• TASK INSTRUCTIONS: Give back, word for word, only the lines from the one containing "this 1664×928 image." to the end of the listing below.

TASK DATA section start

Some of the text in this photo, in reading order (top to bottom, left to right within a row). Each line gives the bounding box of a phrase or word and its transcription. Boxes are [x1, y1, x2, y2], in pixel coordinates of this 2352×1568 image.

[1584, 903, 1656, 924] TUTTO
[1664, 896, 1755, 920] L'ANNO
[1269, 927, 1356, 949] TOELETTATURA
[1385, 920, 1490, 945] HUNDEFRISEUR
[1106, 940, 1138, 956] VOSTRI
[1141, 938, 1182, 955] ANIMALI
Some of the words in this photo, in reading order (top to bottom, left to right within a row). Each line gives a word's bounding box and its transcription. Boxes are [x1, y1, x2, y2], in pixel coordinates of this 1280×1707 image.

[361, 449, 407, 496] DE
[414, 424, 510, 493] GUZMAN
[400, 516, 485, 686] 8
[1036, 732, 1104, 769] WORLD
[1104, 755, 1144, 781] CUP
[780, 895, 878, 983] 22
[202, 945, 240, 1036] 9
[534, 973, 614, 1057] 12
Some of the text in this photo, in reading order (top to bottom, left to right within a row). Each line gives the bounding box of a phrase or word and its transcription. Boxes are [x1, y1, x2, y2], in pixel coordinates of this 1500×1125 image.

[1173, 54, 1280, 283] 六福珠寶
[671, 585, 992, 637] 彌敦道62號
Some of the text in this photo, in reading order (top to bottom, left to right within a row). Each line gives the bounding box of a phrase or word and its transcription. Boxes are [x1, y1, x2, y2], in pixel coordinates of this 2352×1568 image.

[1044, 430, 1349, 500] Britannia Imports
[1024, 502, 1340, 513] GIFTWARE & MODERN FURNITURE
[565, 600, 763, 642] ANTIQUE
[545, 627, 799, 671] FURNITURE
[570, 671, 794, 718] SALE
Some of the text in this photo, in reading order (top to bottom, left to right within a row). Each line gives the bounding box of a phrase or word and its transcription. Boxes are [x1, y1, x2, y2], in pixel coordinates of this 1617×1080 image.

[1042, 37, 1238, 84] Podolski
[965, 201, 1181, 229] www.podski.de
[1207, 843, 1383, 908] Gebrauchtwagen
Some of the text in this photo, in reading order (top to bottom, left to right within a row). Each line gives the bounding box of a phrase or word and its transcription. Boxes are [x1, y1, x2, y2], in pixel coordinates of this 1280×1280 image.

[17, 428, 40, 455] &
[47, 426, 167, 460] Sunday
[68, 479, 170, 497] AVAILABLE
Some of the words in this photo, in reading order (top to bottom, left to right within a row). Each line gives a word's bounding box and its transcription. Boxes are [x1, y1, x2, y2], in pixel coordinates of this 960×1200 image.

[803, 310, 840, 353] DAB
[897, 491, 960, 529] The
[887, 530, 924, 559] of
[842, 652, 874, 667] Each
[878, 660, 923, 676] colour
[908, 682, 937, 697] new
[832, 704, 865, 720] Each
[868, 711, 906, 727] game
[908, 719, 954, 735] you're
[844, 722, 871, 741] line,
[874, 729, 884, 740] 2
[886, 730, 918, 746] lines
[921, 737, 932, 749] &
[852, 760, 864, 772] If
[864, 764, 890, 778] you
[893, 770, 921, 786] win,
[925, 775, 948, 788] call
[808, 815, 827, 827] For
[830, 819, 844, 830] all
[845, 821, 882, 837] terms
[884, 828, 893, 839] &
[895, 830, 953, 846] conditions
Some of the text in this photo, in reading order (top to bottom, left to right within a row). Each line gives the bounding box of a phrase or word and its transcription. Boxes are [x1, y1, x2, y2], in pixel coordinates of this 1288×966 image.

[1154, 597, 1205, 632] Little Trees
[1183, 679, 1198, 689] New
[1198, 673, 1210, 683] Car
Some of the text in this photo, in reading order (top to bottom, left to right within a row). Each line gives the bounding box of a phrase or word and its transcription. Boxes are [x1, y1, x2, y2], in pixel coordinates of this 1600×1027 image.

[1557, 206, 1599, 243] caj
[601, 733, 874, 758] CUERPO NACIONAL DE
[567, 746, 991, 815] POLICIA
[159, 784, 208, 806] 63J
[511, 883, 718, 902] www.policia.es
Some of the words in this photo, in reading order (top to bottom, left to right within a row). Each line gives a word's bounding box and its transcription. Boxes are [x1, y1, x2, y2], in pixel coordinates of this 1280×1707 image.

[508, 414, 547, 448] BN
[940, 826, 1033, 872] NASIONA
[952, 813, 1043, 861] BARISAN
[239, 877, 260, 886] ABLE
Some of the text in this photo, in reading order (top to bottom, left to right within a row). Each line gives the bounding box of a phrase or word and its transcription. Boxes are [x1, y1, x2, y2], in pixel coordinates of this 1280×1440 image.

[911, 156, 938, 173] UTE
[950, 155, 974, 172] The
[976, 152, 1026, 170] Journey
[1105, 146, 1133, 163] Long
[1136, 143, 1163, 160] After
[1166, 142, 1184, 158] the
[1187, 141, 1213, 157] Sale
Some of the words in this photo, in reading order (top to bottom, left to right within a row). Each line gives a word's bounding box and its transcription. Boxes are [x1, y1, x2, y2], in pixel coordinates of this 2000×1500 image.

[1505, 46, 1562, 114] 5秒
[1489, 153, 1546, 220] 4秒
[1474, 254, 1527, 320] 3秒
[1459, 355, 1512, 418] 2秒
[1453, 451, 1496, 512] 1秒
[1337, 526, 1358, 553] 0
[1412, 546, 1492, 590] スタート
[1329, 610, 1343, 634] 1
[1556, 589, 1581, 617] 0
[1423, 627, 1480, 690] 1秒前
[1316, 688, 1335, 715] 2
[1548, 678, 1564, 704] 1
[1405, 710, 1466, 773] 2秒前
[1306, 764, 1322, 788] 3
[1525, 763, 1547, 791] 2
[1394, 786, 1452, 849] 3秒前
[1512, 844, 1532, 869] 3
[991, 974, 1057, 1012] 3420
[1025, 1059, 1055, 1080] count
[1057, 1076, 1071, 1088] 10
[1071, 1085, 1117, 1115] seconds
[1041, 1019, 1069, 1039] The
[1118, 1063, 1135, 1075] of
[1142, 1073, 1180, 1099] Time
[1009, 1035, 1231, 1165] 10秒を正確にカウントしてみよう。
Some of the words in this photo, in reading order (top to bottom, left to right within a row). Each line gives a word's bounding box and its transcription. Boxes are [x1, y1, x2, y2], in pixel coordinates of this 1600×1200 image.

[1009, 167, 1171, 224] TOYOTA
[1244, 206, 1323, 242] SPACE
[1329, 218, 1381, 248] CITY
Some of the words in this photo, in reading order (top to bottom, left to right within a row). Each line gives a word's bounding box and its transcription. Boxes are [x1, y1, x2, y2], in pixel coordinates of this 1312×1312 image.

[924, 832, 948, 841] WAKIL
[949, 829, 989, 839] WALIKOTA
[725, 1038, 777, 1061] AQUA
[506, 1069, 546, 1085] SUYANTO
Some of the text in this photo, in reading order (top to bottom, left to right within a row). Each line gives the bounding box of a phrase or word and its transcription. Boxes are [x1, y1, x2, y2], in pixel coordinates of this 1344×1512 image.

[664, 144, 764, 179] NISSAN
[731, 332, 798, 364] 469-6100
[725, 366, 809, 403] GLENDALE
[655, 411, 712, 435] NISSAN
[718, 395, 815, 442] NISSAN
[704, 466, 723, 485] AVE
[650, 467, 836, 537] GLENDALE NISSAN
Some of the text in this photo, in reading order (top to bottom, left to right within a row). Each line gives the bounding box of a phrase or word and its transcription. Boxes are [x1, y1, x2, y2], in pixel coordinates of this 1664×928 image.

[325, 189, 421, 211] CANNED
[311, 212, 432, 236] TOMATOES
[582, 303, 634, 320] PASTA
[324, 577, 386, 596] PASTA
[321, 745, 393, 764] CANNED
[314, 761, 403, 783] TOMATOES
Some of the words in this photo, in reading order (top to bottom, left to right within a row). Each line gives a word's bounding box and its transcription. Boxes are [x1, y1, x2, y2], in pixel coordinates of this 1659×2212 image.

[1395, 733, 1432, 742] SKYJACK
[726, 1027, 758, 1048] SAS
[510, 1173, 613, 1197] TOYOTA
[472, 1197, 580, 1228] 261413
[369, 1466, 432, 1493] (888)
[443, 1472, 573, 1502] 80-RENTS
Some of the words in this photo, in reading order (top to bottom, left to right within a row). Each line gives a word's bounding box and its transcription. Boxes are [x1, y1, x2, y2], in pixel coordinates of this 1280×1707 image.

TASK DATA section end

• WRITTEN RESPONSE:
Some of the text in this photo, in reading order (top to bottom, left to right within a row). Each line gives the bounding box of a phrase or word and its transcription. Boxes are [x1, y1, x2, y2], in pixel coordinates of this 1664×928 image.

[325, 189, 421, 211] CANNED
[311, 212, 432, 236] TOMATOES
[582, 303, 634, 320] PASTA
[324, 577, 386, 596] PASTA
[321, 745, 393, 764] CANNED
[314, 761, 403, 783] TOMATOES
Some of the words in this photo, in reading order (top to bottom, left to right within a row). Each line gives a word's bounding box and its transcription. Boxes are [x1, y1, x2, y2], in pixel coordinates of this 1659×2212 image.

[1395, 733, 1432, 742] SKYJACK
[726, 1027, 758, 1048] SAS
[510, 1173, 613, 1197] TOYOTA
[472, 1197, 580, 1228] 261413
[369, 1466, 432, 1493] (888)
[443, 1472, 573, 1502] 80-RENTS
Some of the words in this photo, in reading order (top to bottom, left to right within a row). Each line gives a word's bounding box and its transcription. Boxes are [x1, y1, x2, y2], in pixel coordinates of this 1280×1707 image.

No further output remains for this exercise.